Componentes do 911 Turbo e visual do C4S
Os designers e engenheiros da Porsche foram buscar, sem cerimónia, várias peças no “arsenal” do 911 Turbo: levaram as secções dianteira e traseira, a bitola mais larga e os arcos de roda mais musculados, além de suspensão, travões e rodas. O resultado é um tipo de sósia que mantém a tração integral, mas abre mão do desempenho “de Turbo” e, naturalmente, também do preço “de Turbo”.
Porsche 911 Carrera 4S (C4S): som, cabine e motor
A intervenção não ficou só na aparência. Beneficiado pelos acertos que atingiram a gama 911 no início de 2001, o C4S liga e, pelas duas ponteiras de escape, solta um som que lembra um cavalo fungando, com um “brap” meio flatulento - o que, no fundo, quer dizer que, em comparação com os modelos refrigerados a água de antes do facelift, agora ele finalmente soa como um Porsche de verdade.
Com um pouco de atenção ao redor, quase nada denuncia que este 911 seja algo fora do comum. A diferença visual só aparece com mais força quando você coloca o cinto: aí entram em cena as cintas amarelo-vivo, combinando com a cor do carro, que não ficariam deslocadas a segurar as riscas de giz de um yuppie dos anos 1980 - daqueles corretores que bebem champanhe e exibem dinheiro sem pudor.
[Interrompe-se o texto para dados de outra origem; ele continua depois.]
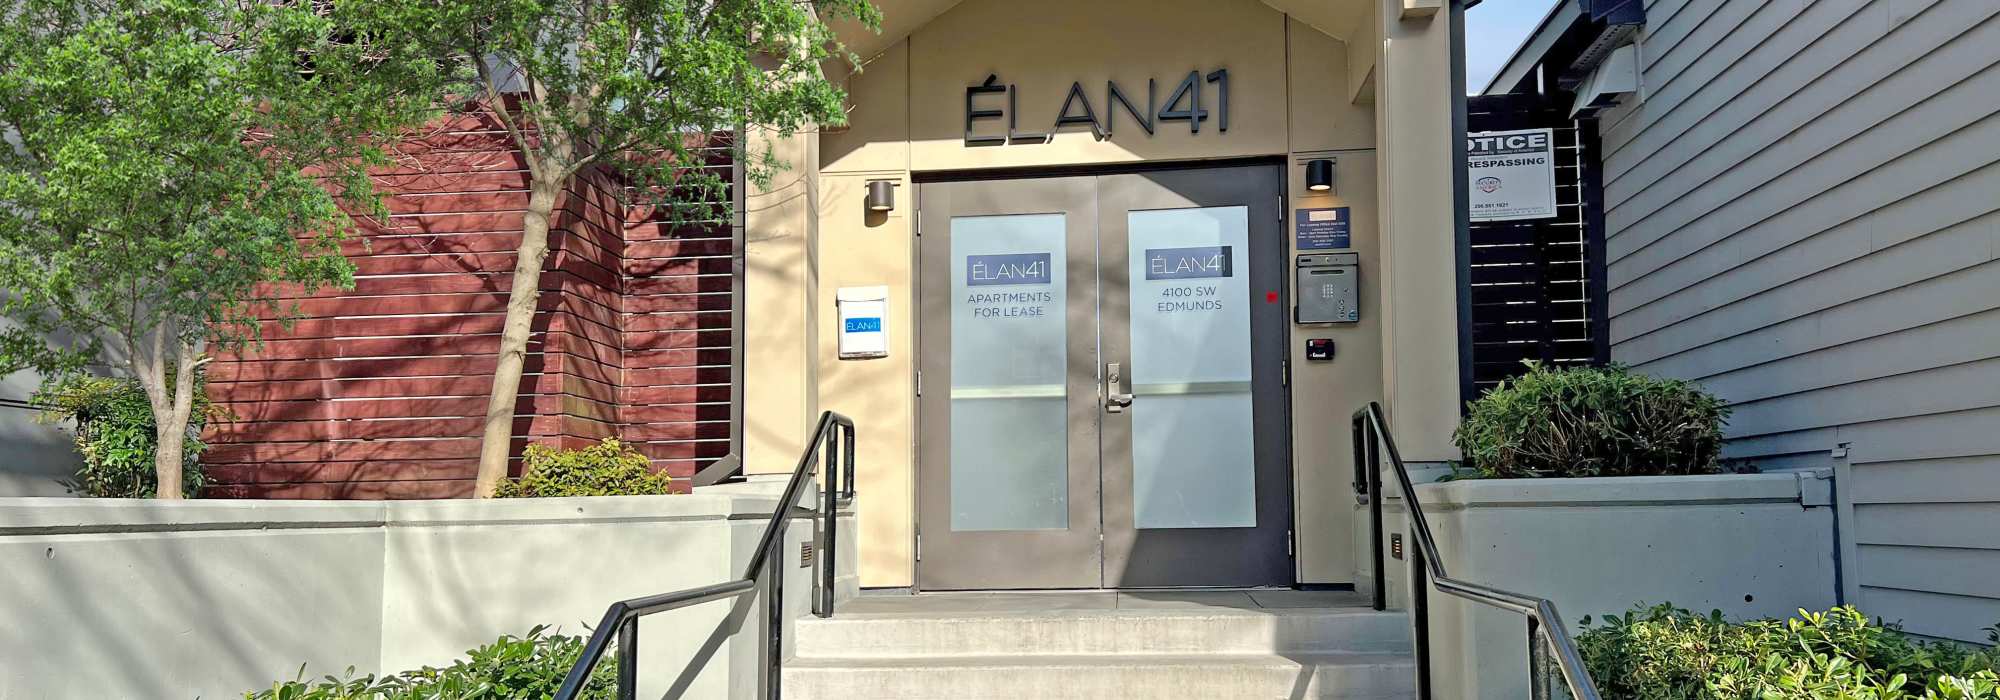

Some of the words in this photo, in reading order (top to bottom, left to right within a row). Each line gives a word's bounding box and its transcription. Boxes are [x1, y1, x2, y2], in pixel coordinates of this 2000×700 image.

Deixando esse deslize de estilo de lado por um instante, dá para defender que este seja o esportivo mais completo que Stuttgart já entregou até aqui. São 320bhp a 6,800rpm e 273lb ft prontos para trabalhar a 4,250rpm: um nível de empurrão que realmente pede tração integral, sobretudo quando o asfalto fica molhado, nevado ou com gelo.
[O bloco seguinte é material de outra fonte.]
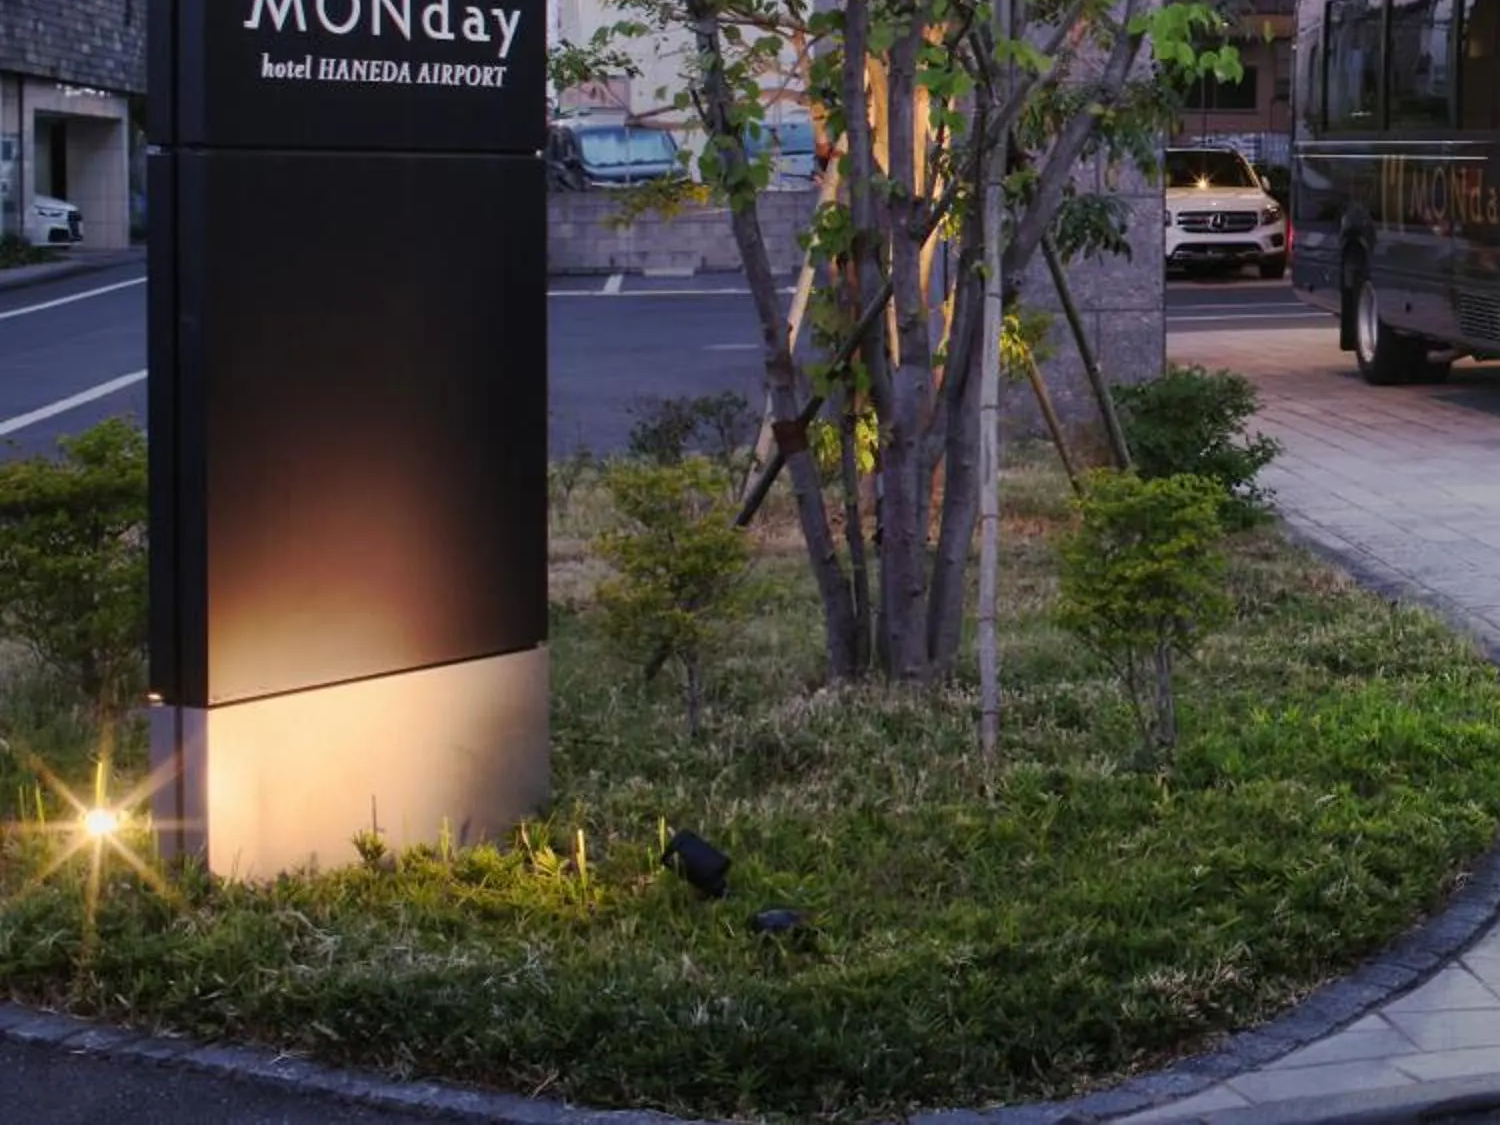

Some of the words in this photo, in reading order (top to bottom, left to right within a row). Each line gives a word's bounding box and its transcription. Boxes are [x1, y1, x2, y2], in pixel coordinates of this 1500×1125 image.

Tração integral, dinâmica e custo-benefício
Infelizmente, o departamento de relações públicas da Porsche não tratou de preparar um teste para nós nessas condições. Ainda assim, nas estradas totalmente secas ao redor do Lago de Garda, na Itália, senti confiança suficiente para atacar as curvas sem o receio de acabar rodando. O C4S passa a sensação de ser um 911 puro: direção viva, com um leve “remexer”; frente leve e deliciosamente sensível a cambagem e variações de inclinação; e, com todo o peso sobre o eixo traseiro, uma traseira que fica bem assentada quando você acelera no meio da curva - ao ponto de a roda dianteira interna levantar só um nadinha.
É o tipo de condução que diverte demais. E o mais esperto é que, pelo menos em piso seco, você nem percebe tanto que está num carro de tração integral. O C4S continua a parecer empurrado pela traseira, provavelmente porque é ali que está a maior parte do enviesamento do sistema.
No mínimo, cinco por cento da força vai constantemente para a frente, mas essa parcela pode mudar para até 40 por cento se a dianteira perder aderência. E, para provar que isso não é teoria, ao sair com vontade de um cruzamento em T, com uma boa dose de acelerador, é perfeitamente possível colocar o C4S de lado (com o controlo de estabilidade desligado) antes de a potência ser enviada para a frente.
O preço a pagar por ter as “ancas” corretas de um 911, mais tração quando o tempo fecha e um poder de travagem monstruoso (como se as âncoras do 911 padrão já não dessem conta do recado), é um pouco mais de peso e uma fração a menos de desempenho no papel do que um Carrera 2. Mas, num percurso de estrada a estrada, dá para adivinhar em qual deles você se sentiria mais confiante para ir do ponto A ao ponto B rapidamente.
O C4S acerta no som, acerta no comportamento e acerta no valor - sobretudo quando comparado ao Carrera 4 “normal” e ao Turbo. Como carro para tudo, ele chega bem perto da perfeição.